Antioch College President Mark Roosevelt today announced that Brian Williams has been hired as the vice president for advancement, effective August 1.
Williams will be responsible for organizing, leading, and aligning the fundraising efforts of the College to best utilize the strengths of the institution’s donors, leaders, and staff in furthering its long-term sustainable fundraising operation. He replaces Reid. W. Crawford, who was appointed interim vice president for advancement in January.
“Brian is the right-fit candidate for this position and we were pleased to find him,” Roosevelt said. “He brings both a strong fundraising and administrative background to Antioch, a vital aspect to this institution. He is a skilled professional with eleven years of executive-level experience in higher education and non-profit administration, six years of teaching experience, and three years of experience in the legal world. He will be an asset to our senior leadership team.”

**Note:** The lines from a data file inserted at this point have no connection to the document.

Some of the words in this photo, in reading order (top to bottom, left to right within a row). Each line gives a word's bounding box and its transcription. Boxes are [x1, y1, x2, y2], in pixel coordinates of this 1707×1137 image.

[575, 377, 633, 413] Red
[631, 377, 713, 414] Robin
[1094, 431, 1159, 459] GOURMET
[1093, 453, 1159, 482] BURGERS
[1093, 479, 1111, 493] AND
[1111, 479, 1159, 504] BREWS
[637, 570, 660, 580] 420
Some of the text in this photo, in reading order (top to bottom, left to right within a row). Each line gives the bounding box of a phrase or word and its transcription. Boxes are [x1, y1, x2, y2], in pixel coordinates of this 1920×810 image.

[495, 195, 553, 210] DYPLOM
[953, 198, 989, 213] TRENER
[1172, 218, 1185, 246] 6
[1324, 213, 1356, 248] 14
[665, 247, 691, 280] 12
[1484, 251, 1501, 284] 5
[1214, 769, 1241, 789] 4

Williams will be joining the Antioch College staff from The Children’s Museum of Indianapolis in Indianapolis, Indiana, where he has been the vice president of development since May 2006. During his tenure, he managed the museum’s resource development program and helped to generate an annual average of $8.5 million in contributed revenue.

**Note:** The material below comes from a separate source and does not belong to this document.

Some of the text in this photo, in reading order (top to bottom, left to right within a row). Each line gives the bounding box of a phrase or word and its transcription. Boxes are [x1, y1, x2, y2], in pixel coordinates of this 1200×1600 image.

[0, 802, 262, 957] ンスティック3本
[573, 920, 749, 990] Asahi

As vice president for advancement at Knox College in Galesburg, Illinois, a position he held from 2001 to 2006, Williams served as a member of the president’s senior staff, advising the college’s president, other vice presidents, and deans on strategic initiatives, including the strategies through which the college navigated a difficult financial period marked by a small endowment, a high discount rate, and low faculty salaries.
“I bring both a passion for liberal arts education and all that Antioch is working to achieve, as well as a long tenure of successful fundraising and capital campaign management at two nationally significant institutions,” said Williams. “I was attracted to Antioch for a number of reasons. There is no other place in the country that one can go and work on the project that is underway at Antioch—building a new brand of liberal arts college for the 21st century. I have enjoyed meeting the faculty and staff who are doing that work during my visits to campus and am enthusiastic about working with those individuals.”

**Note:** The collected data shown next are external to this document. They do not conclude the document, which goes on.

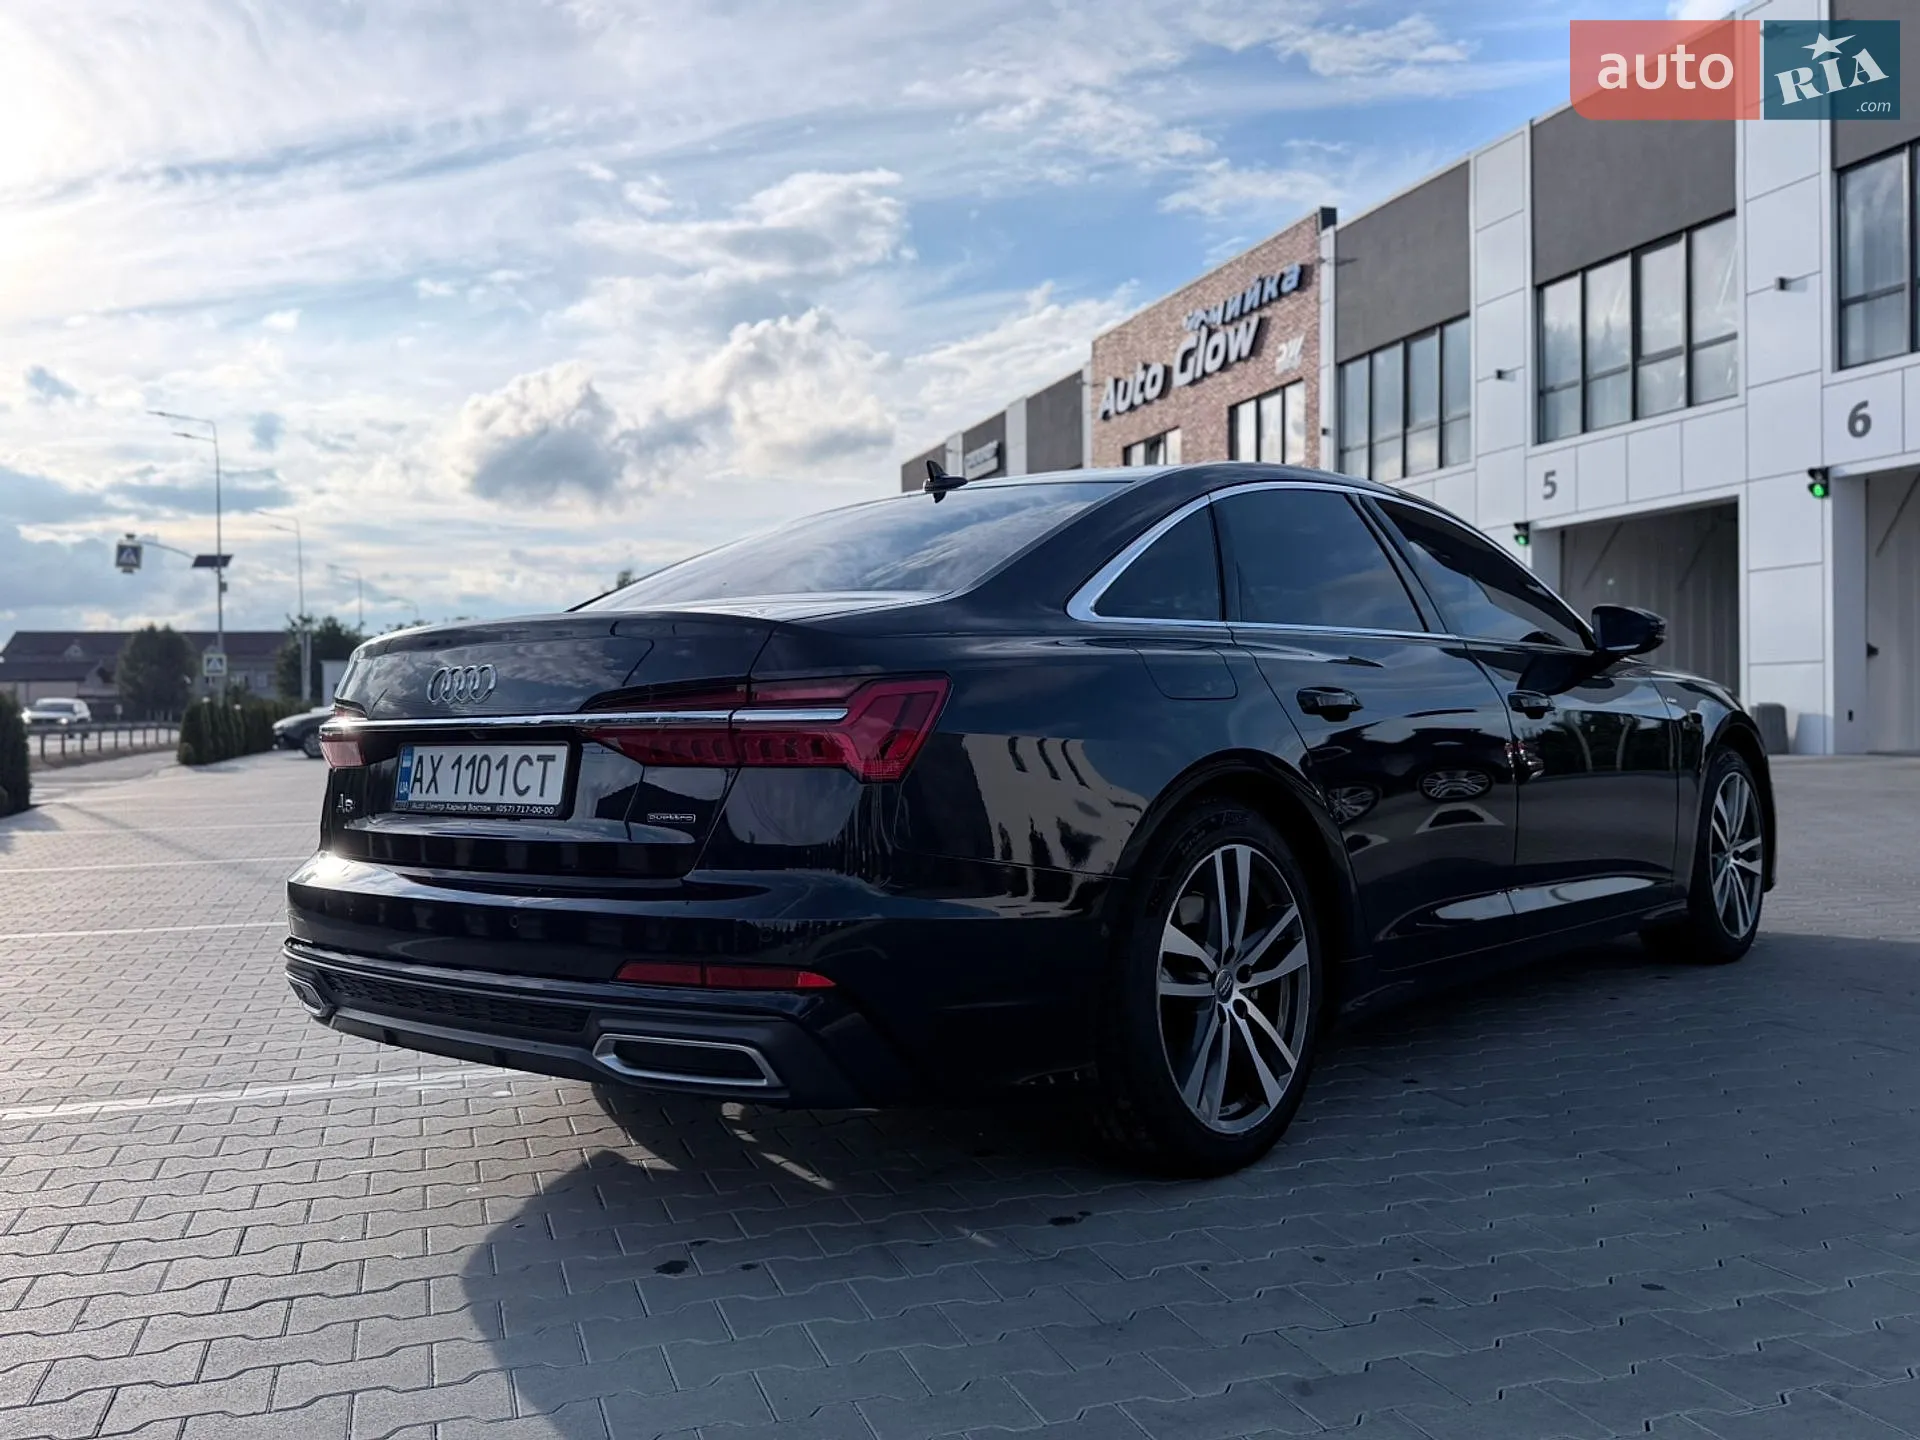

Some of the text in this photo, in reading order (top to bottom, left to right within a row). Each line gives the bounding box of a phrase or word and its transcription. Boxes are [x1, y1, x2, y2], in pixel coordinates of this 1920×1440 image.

[1099, 362, 1164, 421] Auto
[1172, 313, 1260, 388] Glow
[1847, 400, 1872, 438] 6
[1543, 470, 1558, 499] 5
[410, 754, 557, 798] AX 1101 CT
[516, 806, 555, 815] 717-00-00

Early in his career, Williams worked as an attorney at Vedder, Price, Kaufman and Kammholz in Chicago where his focus was labor and employment law. Following that position, he became a senior lecturer at Northwestern University School of Law, until 1997, when he moved on to Cornell University Law School, in Ithaca, New York, where he was named director of the Legal Methods Program.
Williams earned an MA in history from the University of Wisconsin in 1994 and graduated cum laude in 1989 with his JD from the Indiana University School of Law in Bloomington, Indiana. He earned his undergraduate degree in American studies from Knox College in 1986.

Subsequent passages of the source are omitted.